Advantages of motorless exercise control
Prior studies incorporating feedback control during stimulation-induced cycling utilized a motor to assist or resist stimulated muscle contractions to maintain a target cadence and/or power output [
18,
35‐
38]. These approaches can provide greater resistance in the beginning of a trial to maximize the load against which the muscle must work before it fatigues. Maximizing resistive loads may be the key to achieving greater load-dependent physiologic improvements with these systems, especially in bone density [
39,
40]. However, excessive motor resistance may prematurely fatigue the muscles and drastically reduce the duration of exercise.

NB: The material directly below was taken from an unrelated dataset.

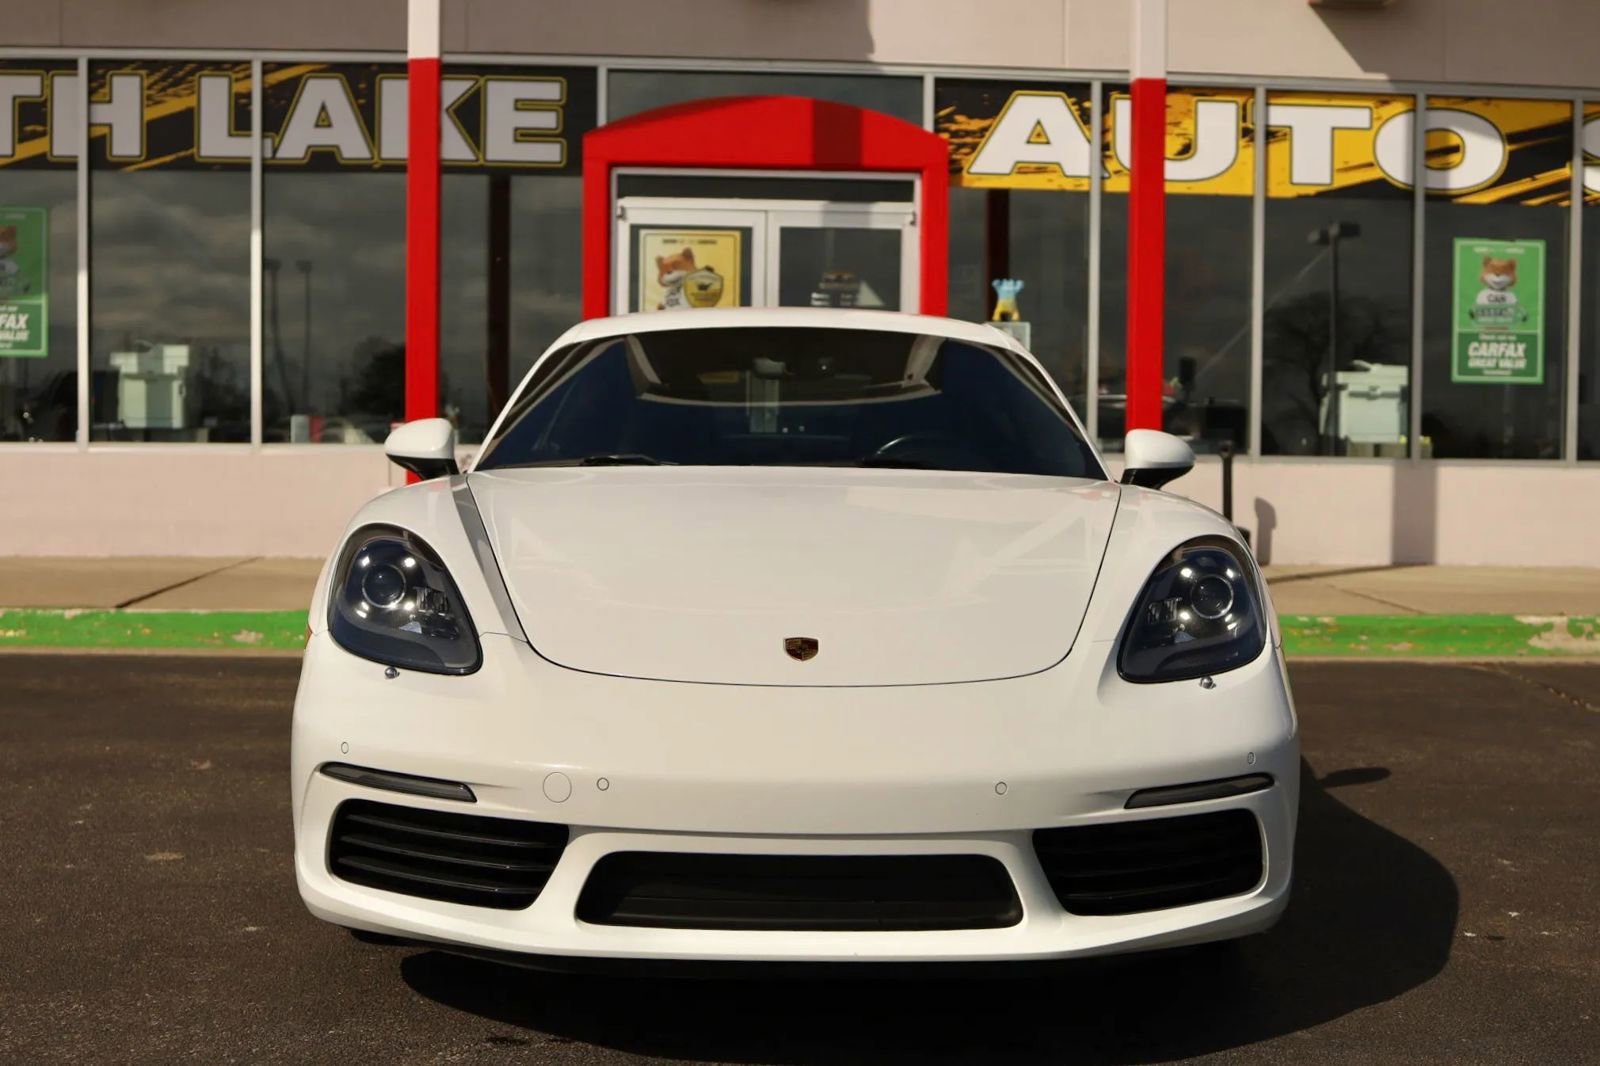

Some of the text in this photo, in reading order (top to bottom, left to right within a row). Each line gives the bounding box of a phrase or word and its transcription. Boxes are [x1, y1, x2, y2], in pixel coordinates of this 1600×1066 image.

Conversely, assisting the pedaling motion when muscle output becomes insufficient for target maintenance can shield paralyzed musculature from positive stress and decrease required effort that would help them improve. There are mixed opinions as to whether keeping the legs cycling after the muscles can no longer contribute to the motion provides adequate physiological benefits [
41], and the fatigued muscles may be better served resting without continued ineffective stimulation so that they may recover and perform subsequent bouts of meaningful, leg-driven (as opposed to motor-driven) cycling. Additionally, integrating a motor significantly increases the complexity of the control algorithm since care must be taken not to risk harming the participant, and increases the weight and cost of the cycling apparatus. Control methods from this study are easily implemented with no additional hardware or musculoskeletal modeling requirements and only minute increases in computational complexity, making them ideal for practical every day and potentially overground use. Maintaining a mid-level intensity using only the capabilities of the activated muscles may enable meaningful work against resistive loads without undue fatigue or motorized assistance. Future work should determine the relative advantages of the simple control strategies presented here compared to those that employ motors.